12:58 am on Oct 27, 2010 (gmt 0)

WebmasterWorld Senior Member 10+ Year Member



Over the past few days, I've noticed requests allegedly from iPhone and iPad users, but with abnormal Webkit/Safari User-Agent strings.

At first, I thought maybe a new version of Webkit was to to blame -- mobile device makers don't seem to pay much attention to the generally-accepted 'rules' of constructing user-agent strings, and also don't seem to care about maintaining any kind of consistency even among their own products.

So I was considering modifying the regex I use for my whitelist, but then noticed something else: None of the requestors had ever apparently requested a page. They requested the CSS and all of the the images, but never the HTML pages themselves.

I dug through the recent logs several times, and saw no page fetches from any mobile devices which could have been used to cache the page and which would not have also cached the images and CSS. I keep all of these resources on a fairly short leash, cache-expiry-wise, and so did not have to go back more that three days to satisfy myself that whatever these requests are, they are probably not real mobile devices. They behave like a bot working from either previously-saved HTML pages or from a list of resource links harvested from those pages.

I don't intend to point out their exact errors, but here are two representative and complete UAs -- exactly as logged. It should be easy to compare to your logs and spot the differences, but I don't intend to point them out here and make their job easier...

Mozilla/5.0 (iPhone; U; CPU iPhone OS 4_1 like Mac OS X; en-us) AppleWebKit/532.9 (KHTML, like Gecko)
Mozilla/5.0 (iPad; U; CPU OS 3_2_2 like Mac OS X; en-us) AppleWebKit/531.21.10 (KHTML, like Gecko)

The requests came from ISPs (some mobile-specific, some not) in the U.S., Germany, and Japan (so far).
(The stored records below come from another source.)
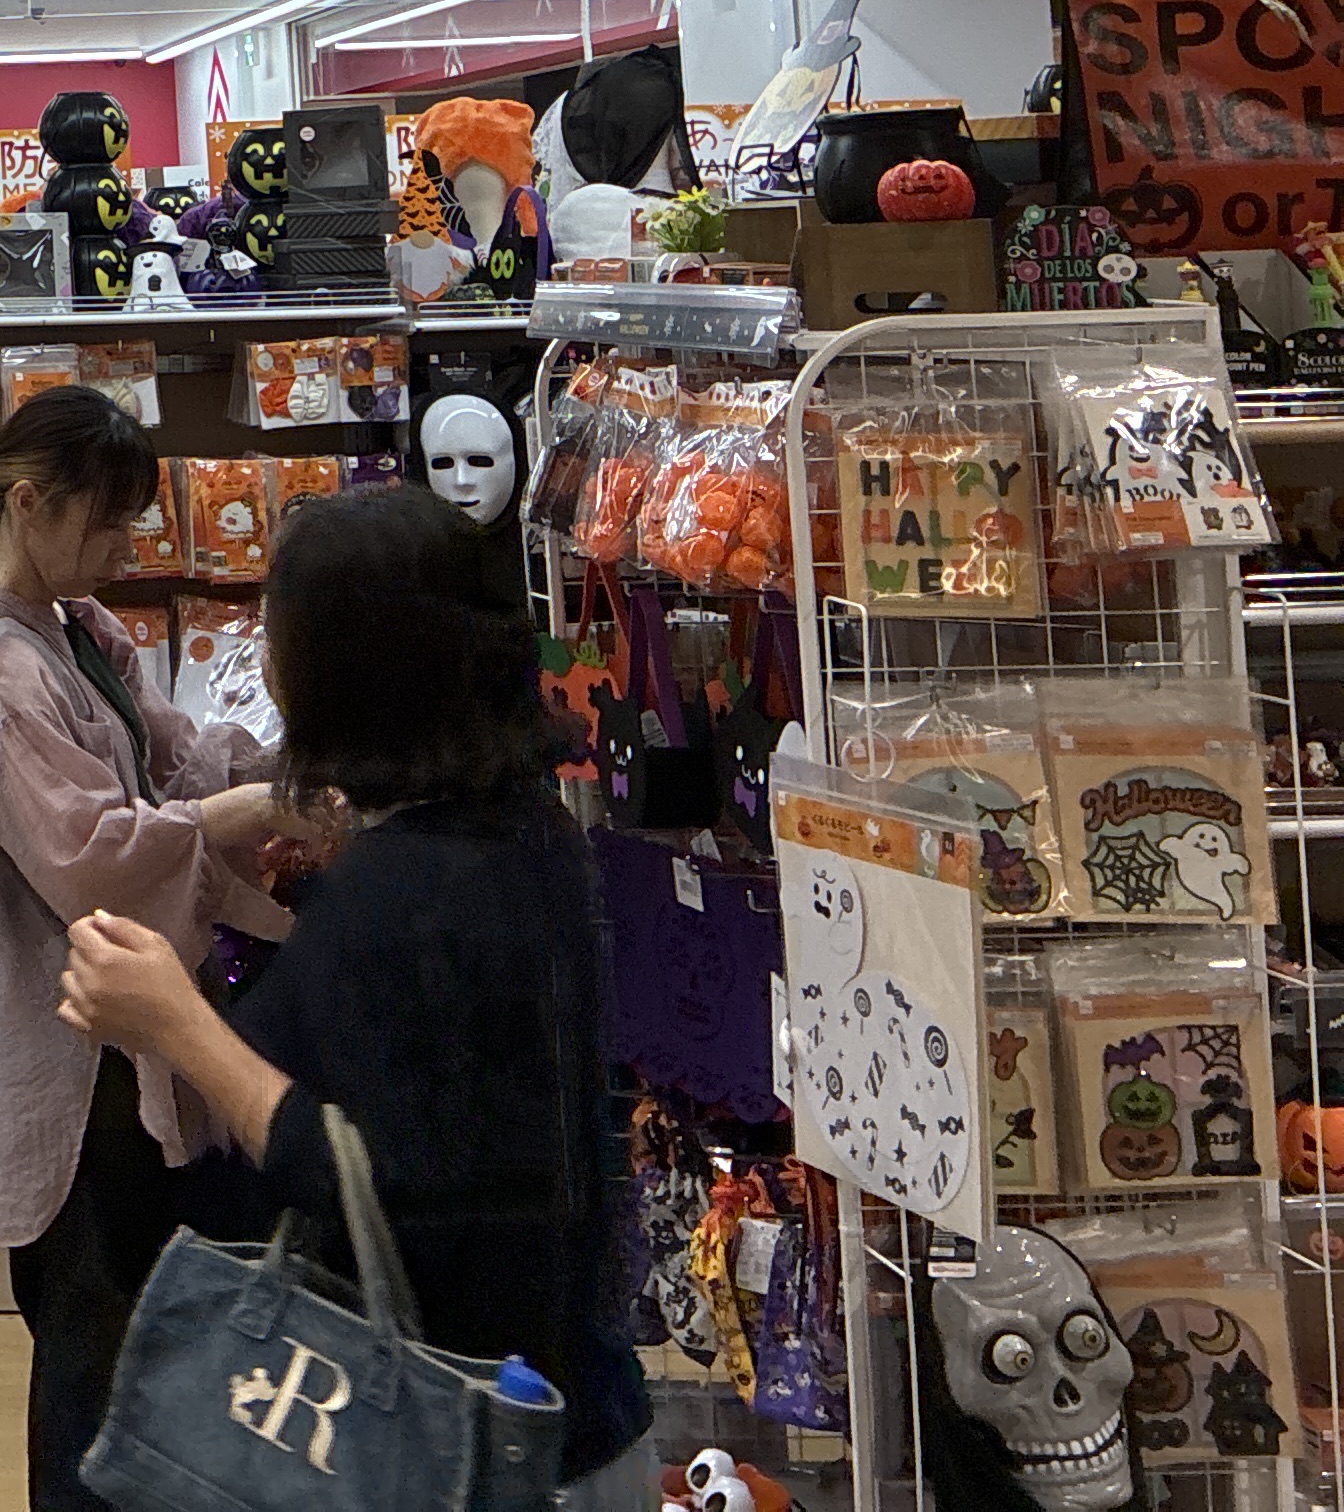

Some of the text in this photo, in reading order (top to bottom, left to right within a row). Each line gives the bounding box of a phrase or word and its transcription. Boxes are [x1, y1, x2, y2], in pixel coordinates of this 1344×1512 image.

[1081, 0, 1315, 75] SPO
[1, 139, 59, 179] 防
[1221, 190, 1305, 238] or
[1039, 218, 1094, 257] DÍA
[1044, 259, 1093, 278] DE LOS
[1007, 282, 1135, 311] MUERTOS
[860, 452, 1021, 498] HAPPY
[1080, 778, 1242, 832] Halloween
[258, 1337, 354, 1474] R
Anyway, either these requests are fake or maybe I've missed something in the cache-controls that accounts for the odd fetching behavior and it is just coincidental that the UAs appear to be incorrect, but I suspect the former...

Jim

jdMorgan

12:34 pm on Oct 27, 2010 (gmt 0)

WebmasterWorld Senior Member 10+ Year Member



From a question received privately:

In addition to never requesting the HTML pages which include these requested objects, none of these included-object requests supply an HTTP Referer header.

Jim

jdMorgan

4:18 pm on Oct 27, 2010 (gmt 0)

WebmasterWorld Senior Member 10+ Year Member



More on this... Now seeing AppleWebKit requests matching the above description from IP addresses previously noted for sending fake media-player requests -- things like NSPlayer, Windows Media Player, and QuickTime requesting non-playable filetypes such as ".html".